Tags: Check-in, Giving-Participants-Room-To-Be-Who-They-Are, Being-Respectful, LGBTQ+, Newcomers-and-First-Timers, Being-Open, Social-Events

Inclusive practices during check-in#

🍎 Photography Permissions#

  • Managing photography opt-outs:

    • Badge lanyard at registration should be made available to indicate photo preferences (green = photos fine; yellow = ask first; red = no photos)

🍎 Pronoun Pins, Buttons, or Ribbons#

  • Indicating pronouns:

    • Select a pin/button/ribbon for your lanyard to communicate your pronouns. Using a pin even if you don’t feel like you need one helps create a welcoming space for attendees who do.

    • Color-coordinate the pins by pronoun for quicker recognition and processing by those who see the pins. This lowers the barrier to checking (look at the color).

      • Be sure to choose colors that works for folks with color-blindness. With color-coded pins, needing to actually read them is a stress case rather than the norm. Because people are used to the ease of the normal case, they’re more willing to take a little extra effort to read for the stress cases. (purple: he, yellow: she, green: they, blue: ask)

      • To be aware of: Make pins large enough to be easily seen. Made the pronoun itself the largest text, rather than the word “Pronouns”.

    • Another option for pronoun indication is ribbons.

      • Have custom ones printed for Zi/Zir and a “Fill in your own” ribbon.
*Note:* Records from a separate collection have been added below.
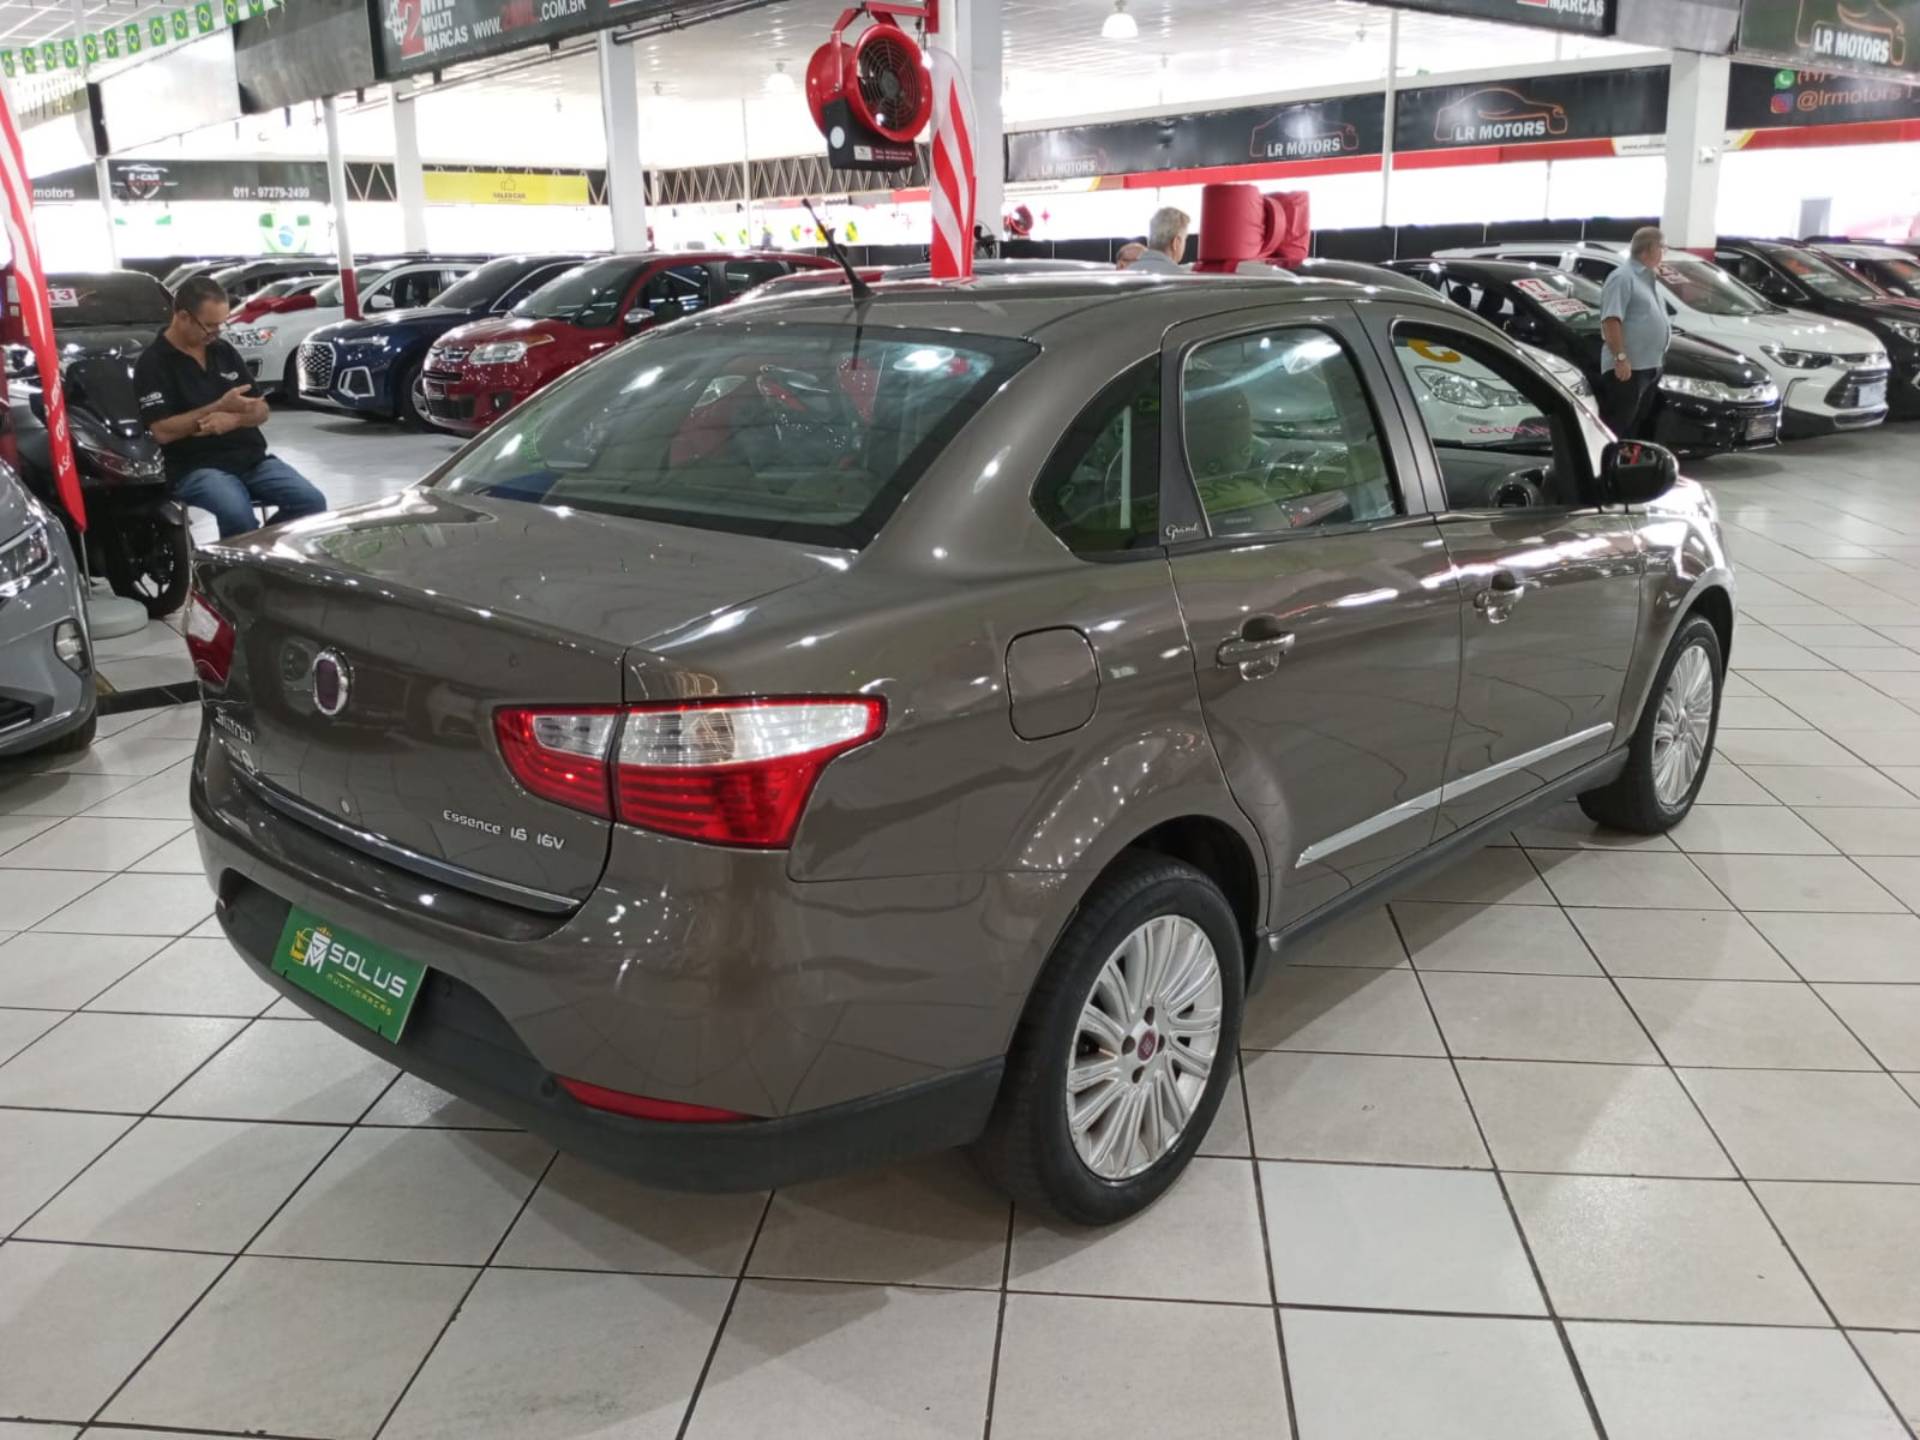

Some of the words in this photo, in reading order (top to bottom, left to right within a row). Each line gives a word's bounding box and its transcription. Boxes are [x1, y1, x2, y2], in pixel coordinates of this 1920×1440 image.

[422, 9, 452, 34] MULTI
[424, 25, 469, 55] MARCAS
[1814, 27, 1834, 55] LR
[1835, 31, 1890, 64] MOTORS
[1455, 126, 1476, 142] LR
[1479, 120, 1546, 140] MOTORS
[1267, 143, 1284, 158] LR
[1286, 137, 1341, 156] MOTORS
[33, 188, 75, 199] motors
[1165, 522, 1198, 540] Grand
[442, 809, 502, 836] Essence
[536, 833, 565, 850] 16V
[328, 942, 408, 999] SOLUS
For fill in your own, make sure you provide fabric markers. (h/t @oxinabox)

Further reading:

Welcoming New Attendees#

  • Ribbons for badges can be useful, e.g. “First-Time Attendee.”
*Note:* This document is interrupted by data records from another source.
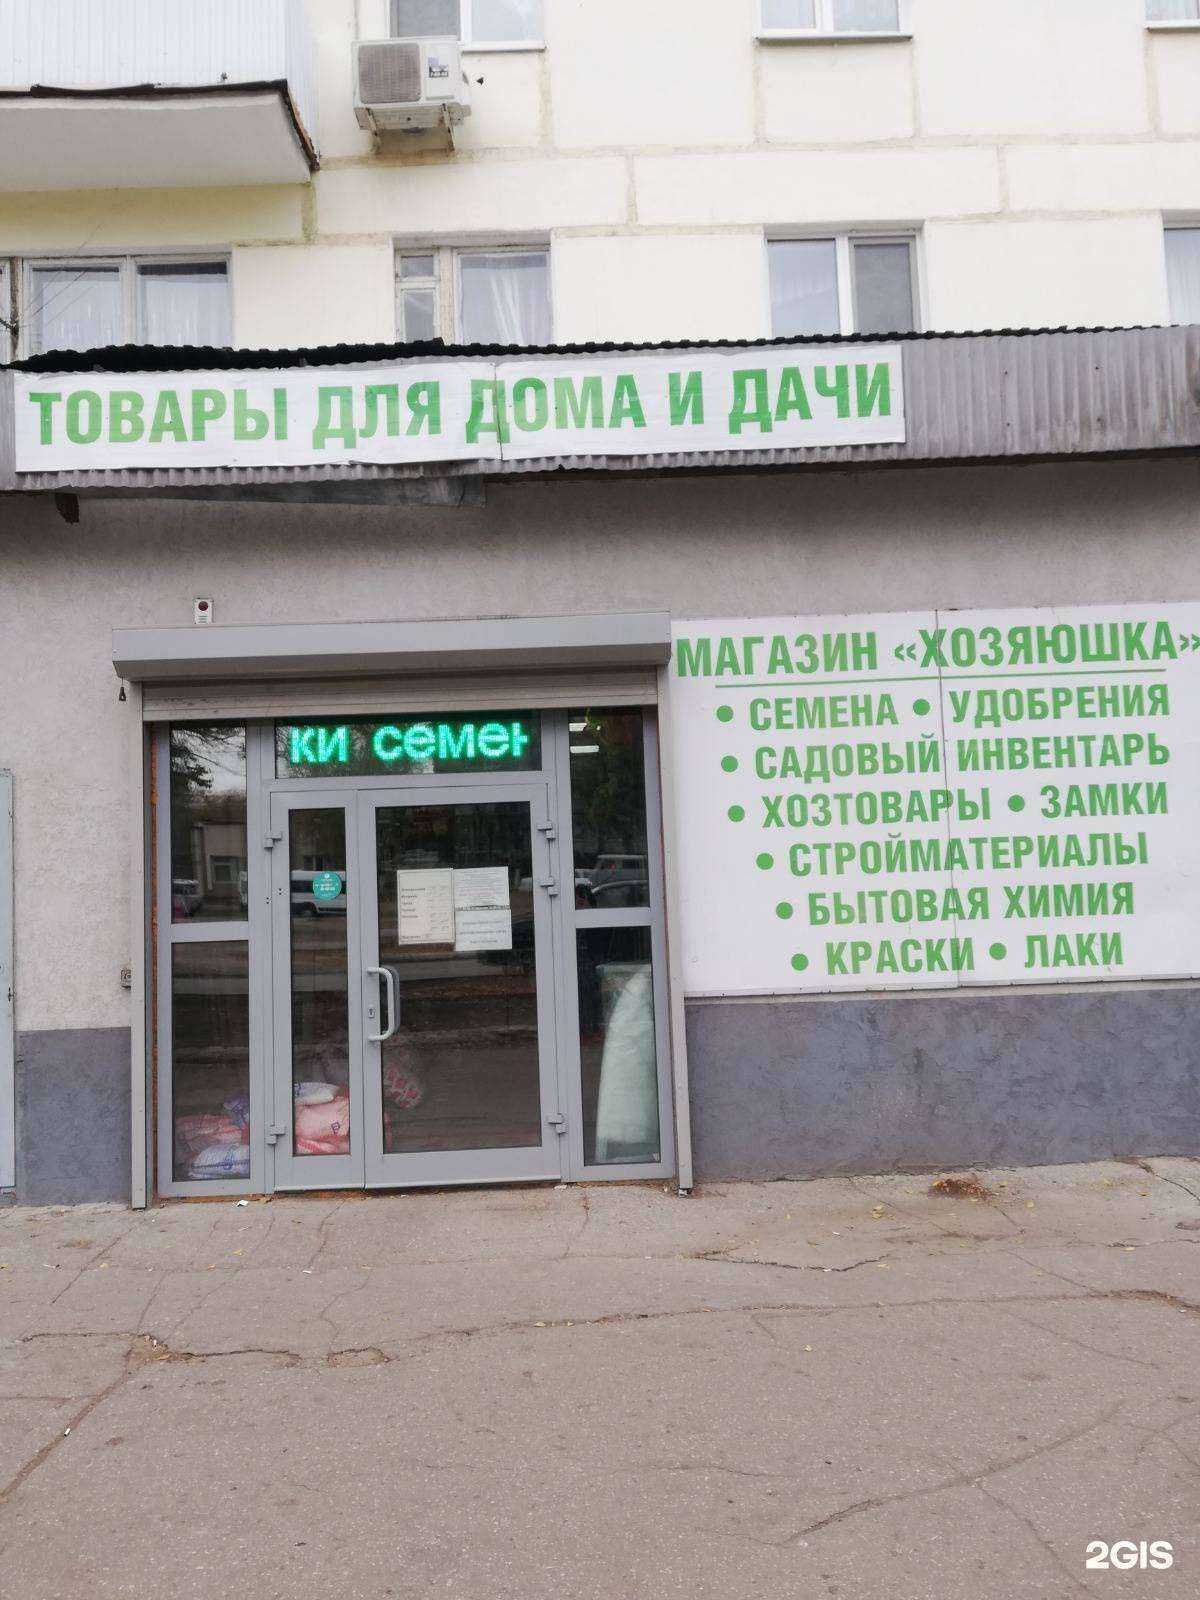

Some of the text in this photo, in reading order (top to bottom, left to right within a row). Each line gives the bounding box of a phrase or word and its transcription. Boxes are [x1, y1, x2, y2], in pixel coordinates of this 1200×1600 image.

[28, 362, 891, 449] ТОВАРЫ ДЛЯ ДОМА И ДАЧИ
[676, 620, 1200, 678] МАГАЗИН «ХОЗЯЮШКА»
[748, 684, 1169, 732] СЕМЕНА УДОБРЕНИЯ
[289, 724, 351, 766] ки
[753, 731, 1171, 784] САДОВЫЙ ИНВЕНТАРЬ
[762, 780, 1168, 829] ХОЗТОВАРЫ ЗАМКИ
[789, 831, 1149, 876] СТРОЙМАТЕРИАЛЫ
[808, 881, 1135, 926] БЫТОВАЯ ХИМИЯ
[826, 931, 1125, 976] КРАСКИ ЛАКИ
    • Consider what visual cues would encourage people to engage with one another and go out of their way to be friendly to someone.

  • Consider running a mentoring program that matches experienced attendees with first-timers for networking and to provide a friendly resource to get to know the conference.

Social Events#

  • “First-Time Attendee” lunch/dinner/coffee-break as a welcome and safe place for attendees to ask questions.

  • Consider diversifying the time of day that social events happen.

    • Not everyone is available (physically or mentally) in the evenings, when social events are typically concentrated.